Today I had some minor problems loading my GMail account, so it showed me an error as follows:

Google: Switch off your Firewall

Alright, so imagine I am a naive computer user who just got this message and I obviously believe what they are saying. Now I am going to go ahead and disable my firewall altogether and live happily ever after -- until I come across the first script kiddie that turns my workstation into a spam bot, virus nest, or both.

Similar issue: That blogger on MSDN.com who nicely suggested to switch off the Phising protection altogether when the CPU usage of your new instance of MSIE 7 spikes on some AJAX websites. -- While he meanwhile revised it to an acceptable "add these individual sites to a whitelist for which you switch off the phishing protection", his initial suggestion was just as bad as the one up there by Google.

Come on, people.
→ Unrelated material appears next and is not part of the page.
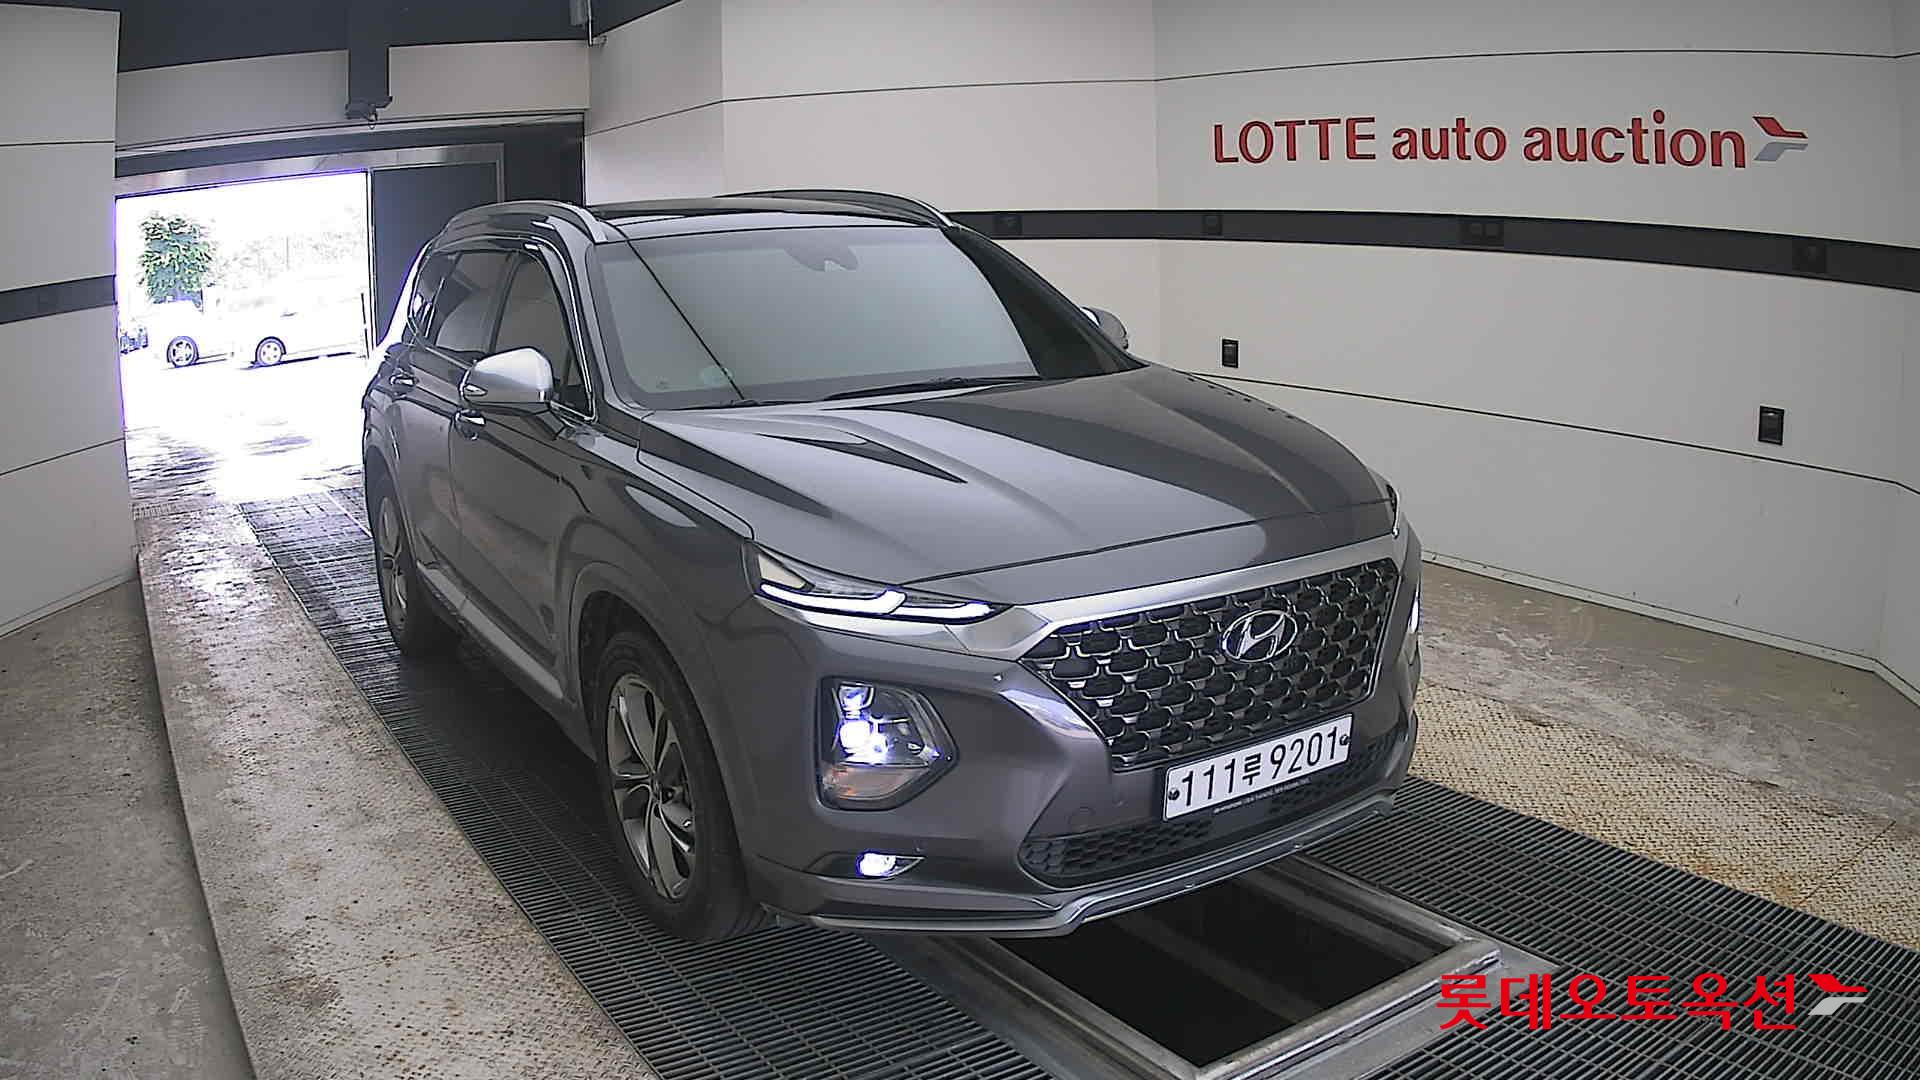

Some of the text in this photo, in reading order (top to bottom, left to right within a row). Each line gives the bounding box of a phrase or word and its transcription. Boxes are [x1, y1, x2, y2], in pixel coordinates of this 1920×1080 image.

Not everybody is a computer geek. People actually believe what you are writing there.

So please start thinking before you type. Having people switch all their security features off first (but burying the information that this might be a bad idea somewhere deep inside the help files) is harmful and -- sorry -- just plain stupid. People will switch it all off, they will see that "everything works" and they will stop reading about the issue right afterwards.

If you really, really, really have to have them switch off part of their software (which is not too surprising for some paranoid security products), at least spend half a minute explaining how the workaround can be done securely, and only for the page in question.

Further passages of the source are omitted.